A OMS também lembrou que a cloroquina e a hidroxicloroquina já são utilizadas em tratamentos de outras doenças, como a malária no caso da cloroquina e doenças autoimunes no caso da hidroxicloroquina. Nestes cenários, os protocolos de segurança já estão estabelecidos e o uso destes medicamentos deve continuar, desde que haja prescrição e acompanhamento médico.
E no Brasil?
Por aqui, seguimos na direção contrária. Após a saída do ministro Nelson Teich, o Ministério da Saúde publicou um novo protocolo recomendando o uso da cloroquina e da hidroxicloroquina logo no início dos sintomas de Covid-19, mesmo para casos leves. Até então, a aplicação era restrita a pacientes graves e críticos monitorados em hospitais. A nova posição é defendida pelo presidente Jair Bolsonaro e foi a razão principal para o seu rompimento com Teich.
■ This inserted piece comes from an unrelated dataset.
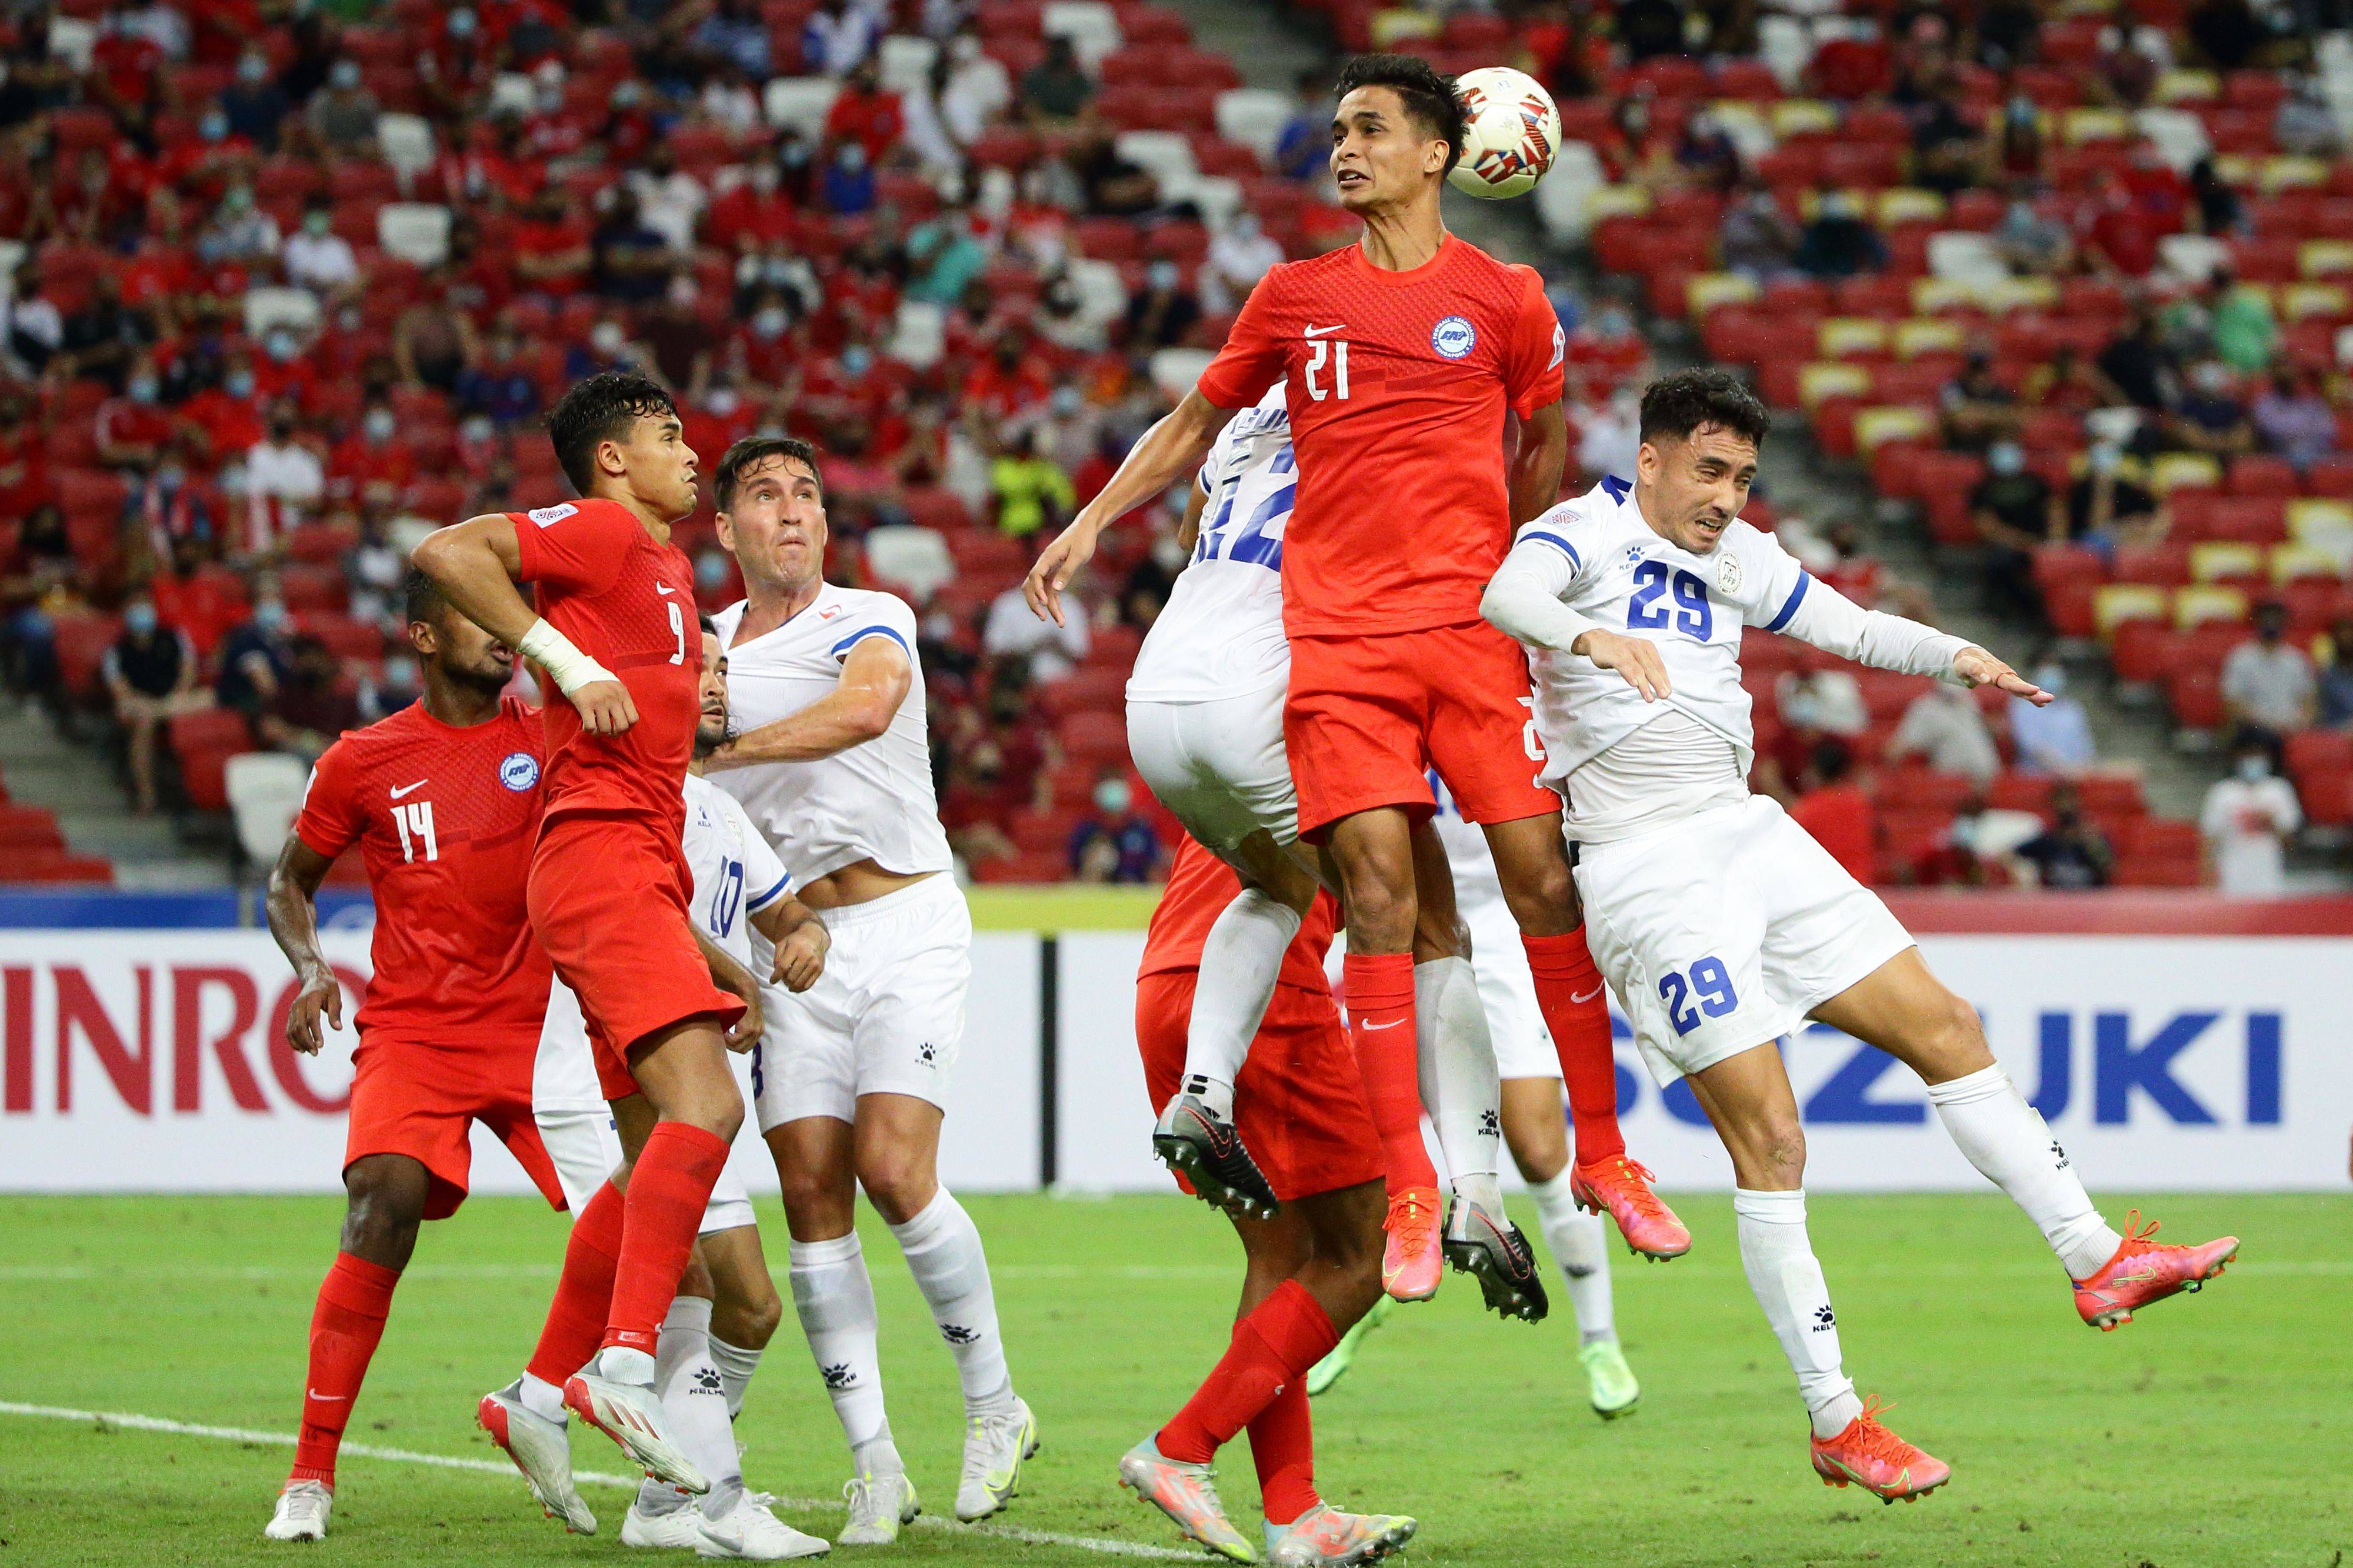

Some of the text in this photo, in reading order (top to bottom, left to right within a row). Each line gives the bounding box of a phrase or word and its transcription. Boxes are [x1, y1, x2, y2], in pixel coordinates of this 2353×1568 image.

Mesmo após a decisão da OMS, o Ministério decidiu manter a decisão. “Estamos muito tranquilos e serenos em relação a nossa orientação”, disse, na segunda-feira (25), Mayra Pinheiro, secretária de Gestão do Trabalho e da Educação na Saúde e uma das autoras do documento. A médica também aproveitou para criticar a decisão da OMS com base no estudo publicado na revista The Lancet. “Não se trata de um ensaio clínico, é apenas um banco de dados coletados de vários países. Não entra no critério de um estudo metodologicamente aceitável para servir de referência para nenhum país, nem para o Brasil.”
Como já explicamos, o estudo dos pesquisadores americanos e suíços realmente não é um ensaio clínico controlado – no qual há divisão entre um grupo que tomará o medicamento testado e outro que tomará placebo, além de vários outros controles de variáveis. Este tipo de ensaio geralmente requer tempo e é difícil de se fazer em uma pandemia, quando há muitas vidas em risco.
Mas, como explicou a cientista-chefe da OMS, Soumya Swaminathan, a decisão se baseia na grande amostragem do estudo e também nos questionamentos de diversos países, fazendo com que a Organização tenha escolhido o caminho da cautela.